しかし、残念ながら短鎖脂肪酸はエネルギー源として中鎖脂肪酸ほど活用されていません。短鎖脂肪酸の大半は、腸内細菌の活動によって作られるものも多く、大腸で吸収されて腸内環境を維持するのに使われるほか、水分や栄養を吸収する際のエネルギー源として使われています。中鎖脂肪酸のように全身のエネルギー源としてはあまり重視されていないようです。
同じ脂肪酸でも、中鎖脂肪酸と短鎖脂肪酸では使われ方が違うのです。
ちなみに長鎖脂肪酸は、一般的に皮下脂肪などに蓄えられ、体温を維持するのにも使われています。必要に応じてゆっくりと消費されていくので、速やかなエネルギー補給には向きませんが、体力を維持することを考えるととても大切なエネルギー源のひとつです。
おわりに
脂肪酸と一言で言っても、働きやエネルギー源として活用されるまでの時間なども異なり、さまざまな種類があります。
中でも中鎖脂肪酸は、摂取後速やかにエネルギー源に変わる特長を持っているので、食欲が低下している猫のエネルギー源や病気療養中の猫の健康サポートに役立つ栄養のひとつです。
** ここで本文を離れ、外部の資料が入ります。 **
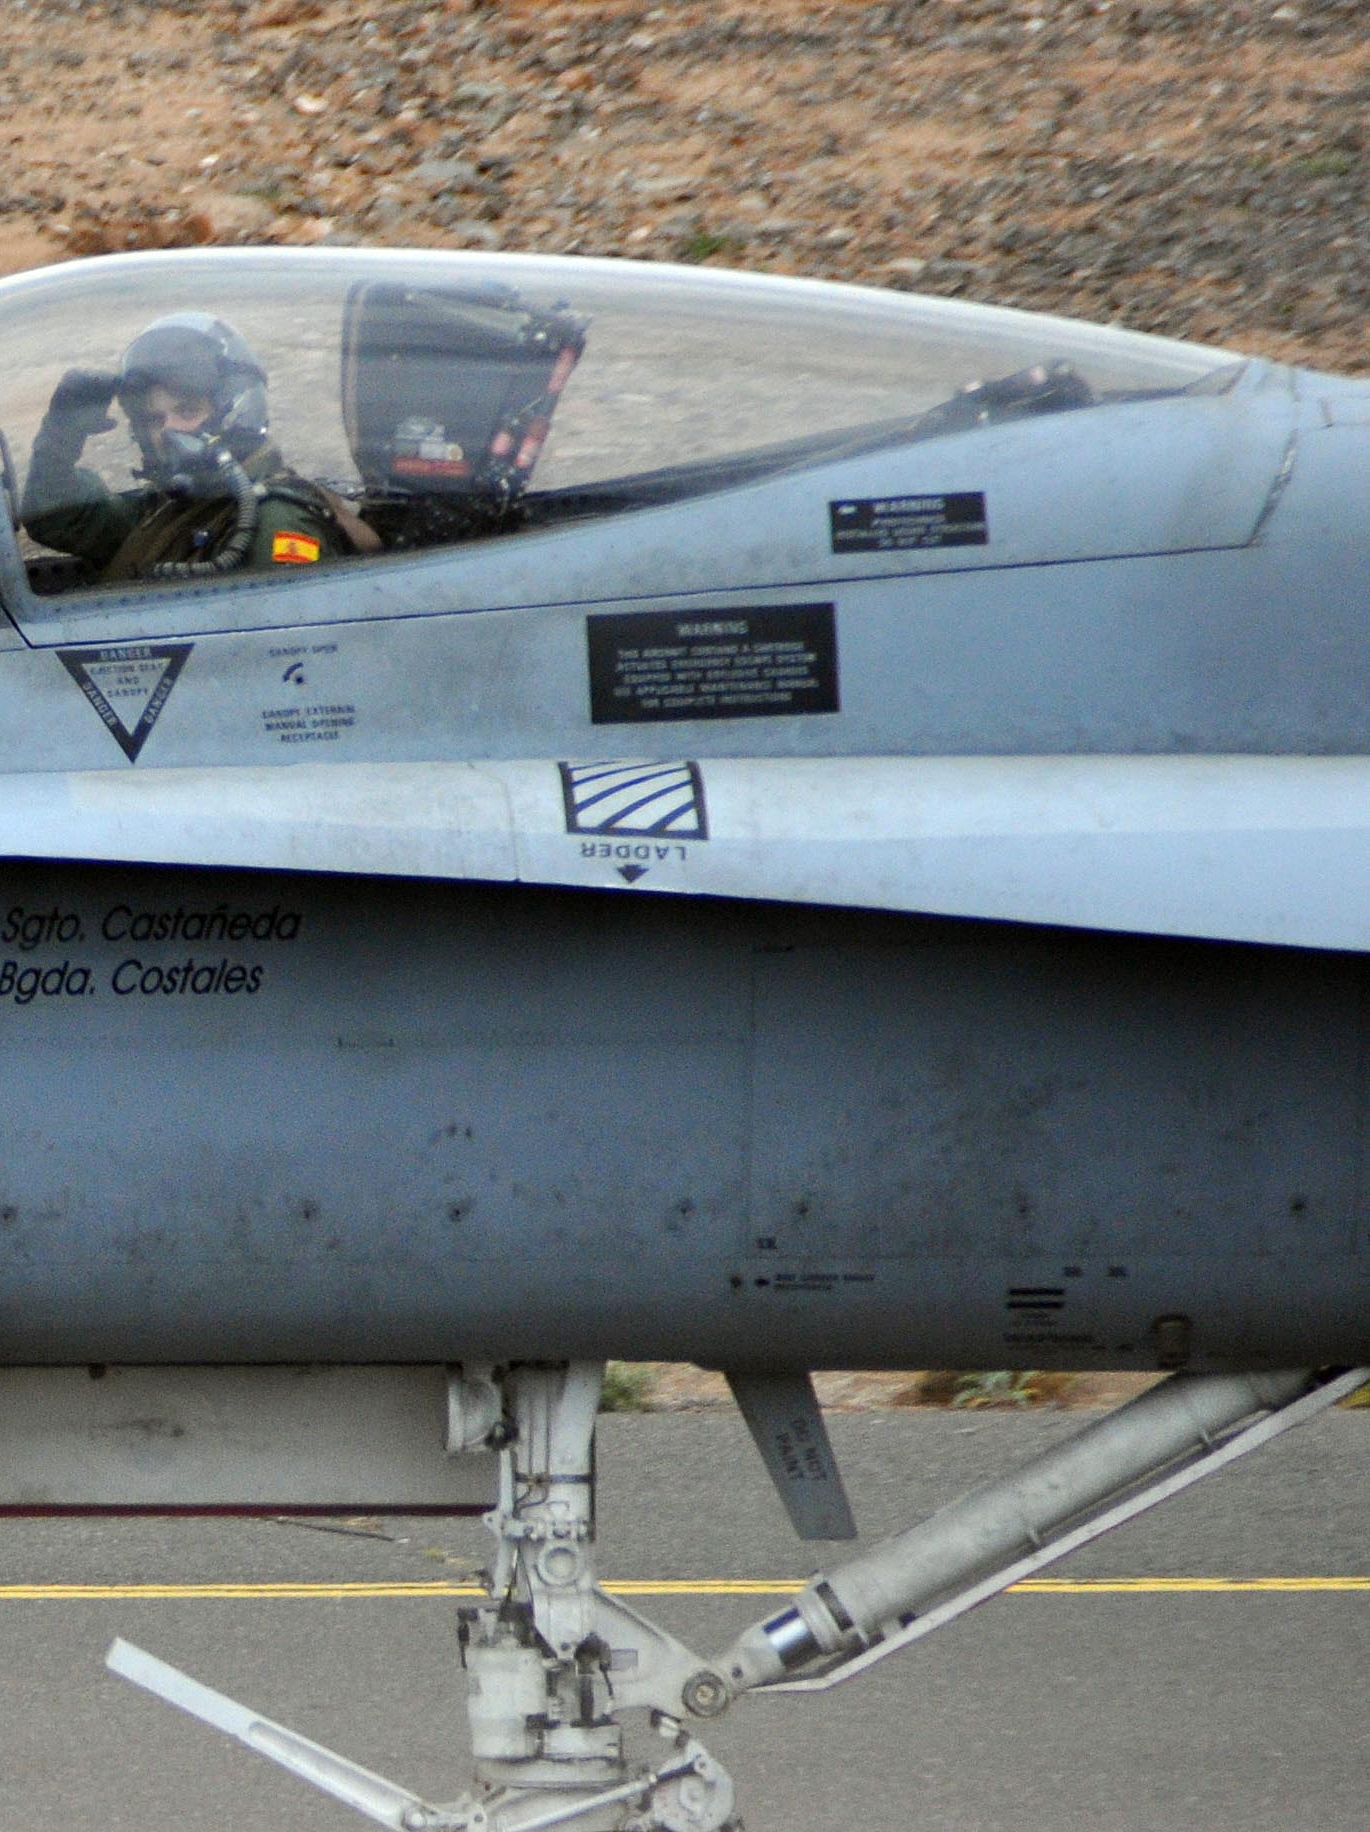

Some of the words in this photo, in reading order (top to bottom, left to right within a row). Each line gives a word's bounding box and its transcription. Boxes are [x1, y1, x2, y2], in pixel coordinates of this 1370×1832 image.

[100, 646, 152, 660] DANGER
[580, 842, 687, 861] LADDER
[1, 906, 85, 950] Sgto.
[102, 903, 302, 942] Castañeda
[111, 958, 264, 995] Costales
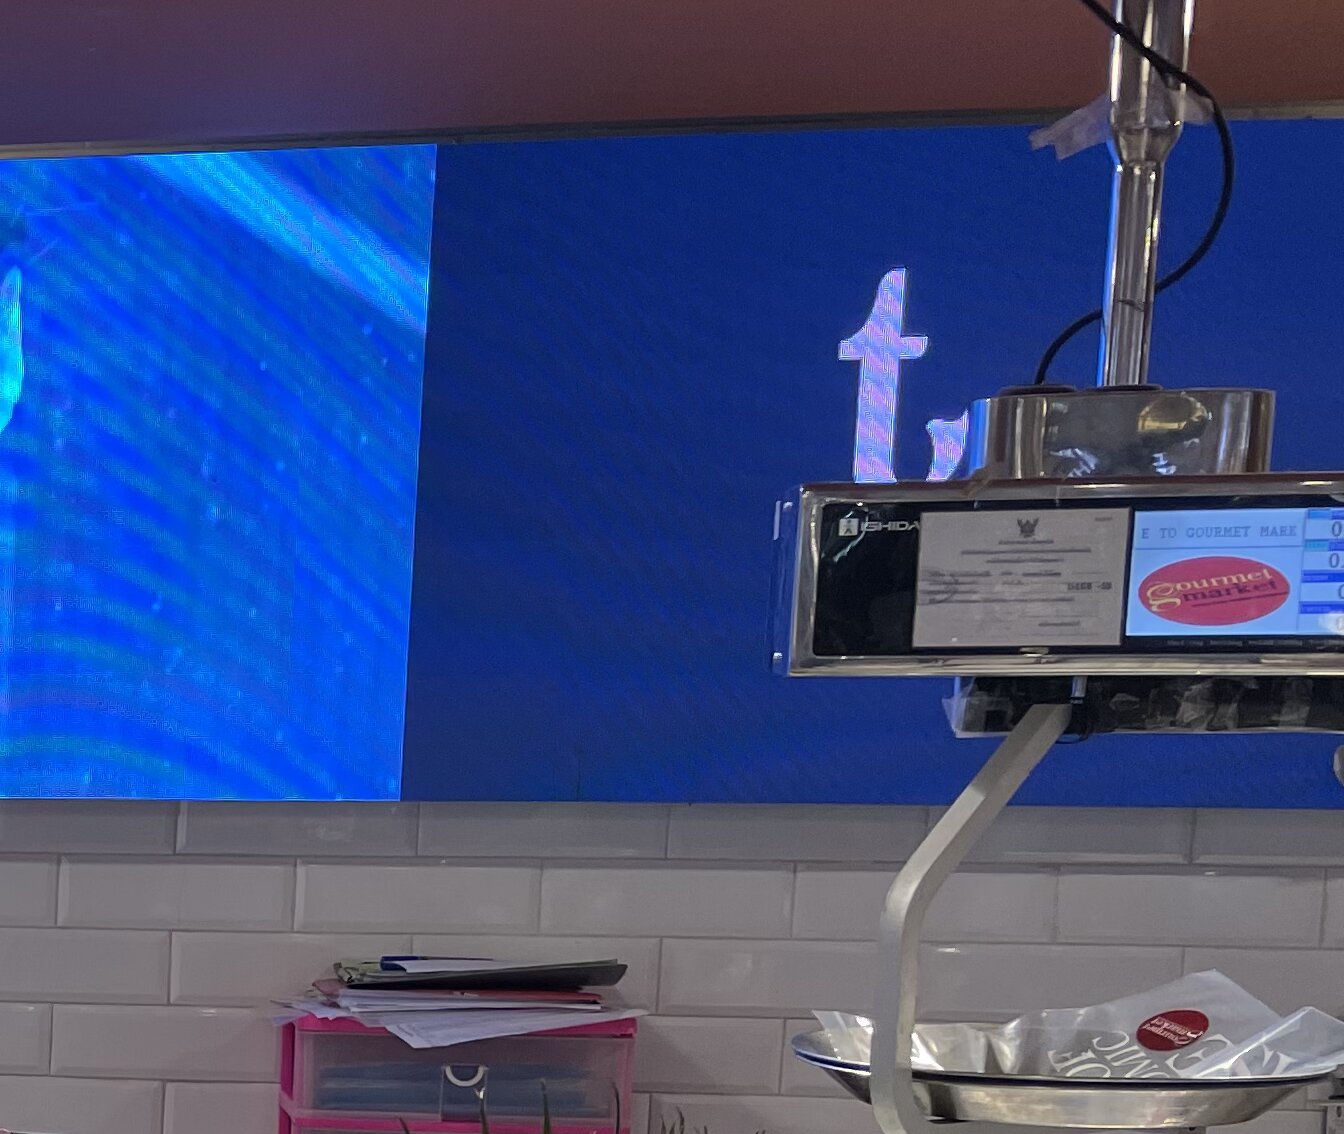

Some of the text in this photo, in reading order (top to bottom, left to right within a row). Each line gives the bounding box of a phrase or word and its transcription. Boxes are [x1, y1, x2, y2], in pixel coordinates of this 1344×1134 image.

最近では中鎖脂肪酸は、速やかに脳で使われるエネルギーになるという研究結果も出てきています。
高齢の哺乳類の認知機能を維持するのに効果的なのではないか、と期待されている成分でもあります。猫も高齢になると認知機能が衰えていきますので、健康的に年齢を重ねていくためにも注目していきたい栄養素です。